There were zero male loggerhead sea turtle hatchlings found at test beaches on Florida’s Atlantic and Gulf Coasts, according to a study by Dr. Jeanette Wyneken, a biological sciences professor at Florida Atlantic University.
The phenomenon is similar across other sea turtle species in the state as well. Leatherbacks and green sea turtles are also predominantly female.
The majority of sea turtles born along the coast of Florida have been female for over a dozen years, according to the report published in USA Today this week. This strange finding could be linked to climate change.
Unlike humans, a sea turtle’s gender is determined by the temperature of the sand around the eggs; and warmer sand typically means the hatchlings will be female. Therefore, hotter temperatures means less males.
What’s more, is that this problem has been observed in states up north as well. In fact, Wyneken found more males located in Florida than in the states up north.
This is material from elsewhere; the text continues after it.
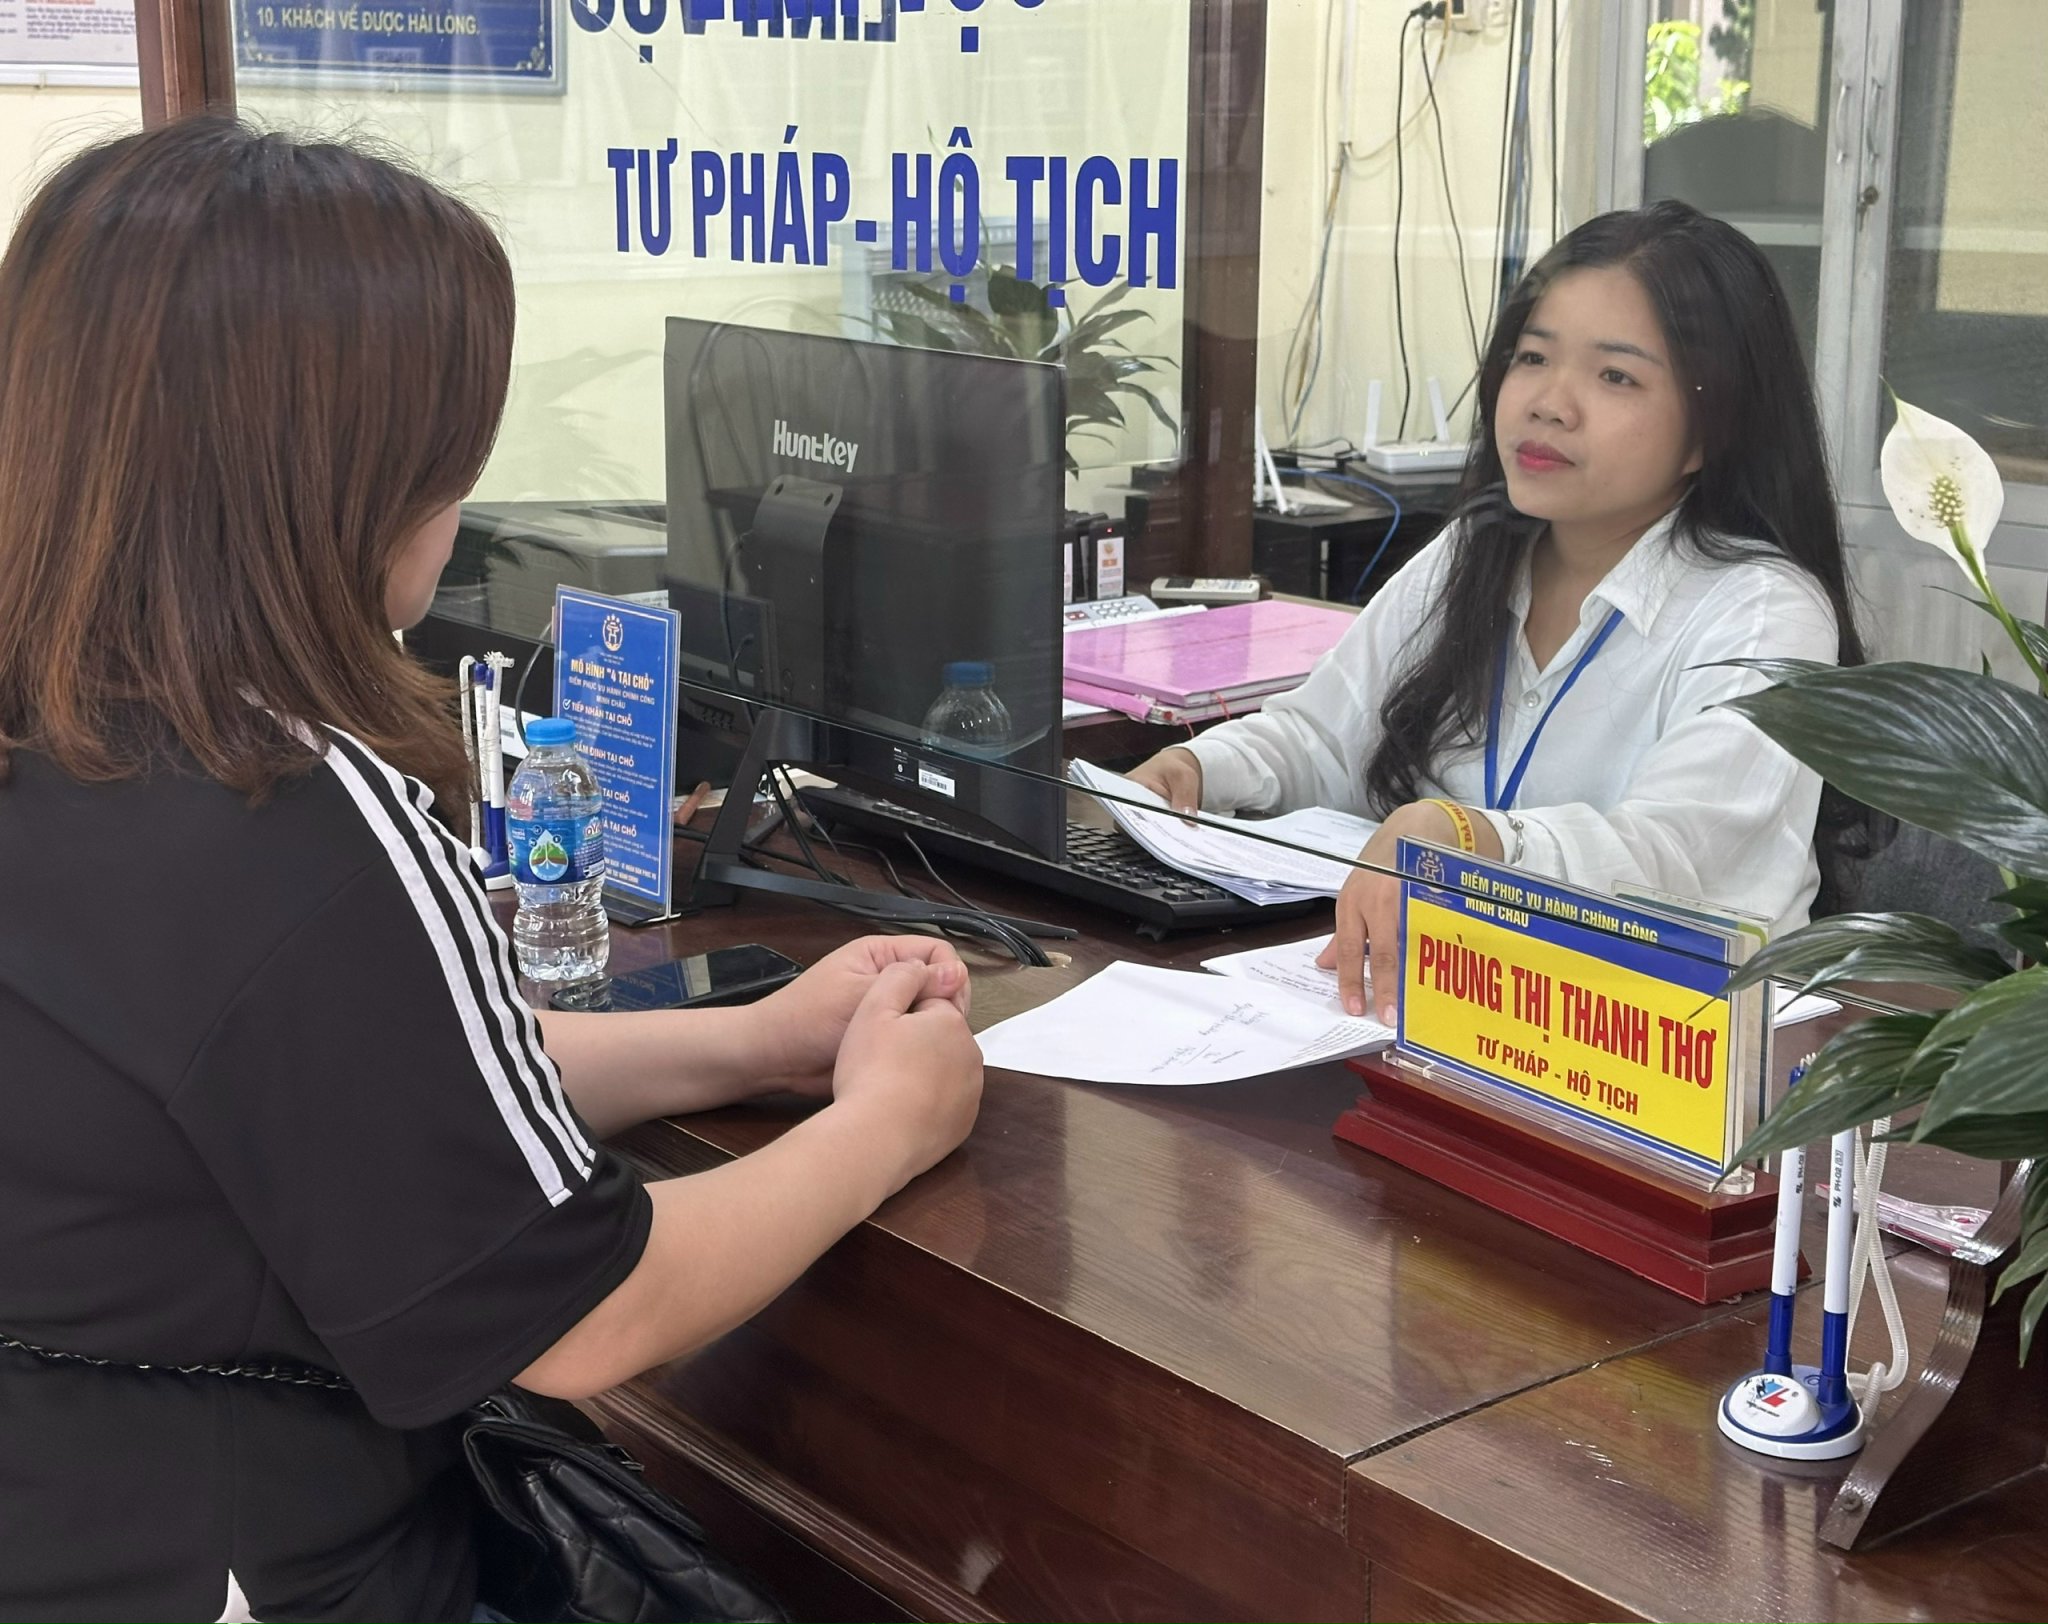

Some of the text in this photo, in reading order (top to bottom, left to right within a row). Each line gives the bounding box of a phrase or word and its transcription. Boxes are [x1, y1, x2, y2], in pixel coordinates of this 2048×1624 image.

This female phenomenon has been observed by researchers in Australia, too. In a recent study, scientists found that in a major nesting area 99.1 percent of juvenile sea turtles and 86.8 percent of the entire population were female.
Climate change could also be responsible for the decrease in how many hatchlings are able to make to emerge from their nests. This is because the hot, dry sand makes the belaboring process much more difficult.
While Wyneken reported that shading or watering turtles’ nests is a favorable short term solution, she told USA Today that “we’ve got to keep the world from getting hotter.”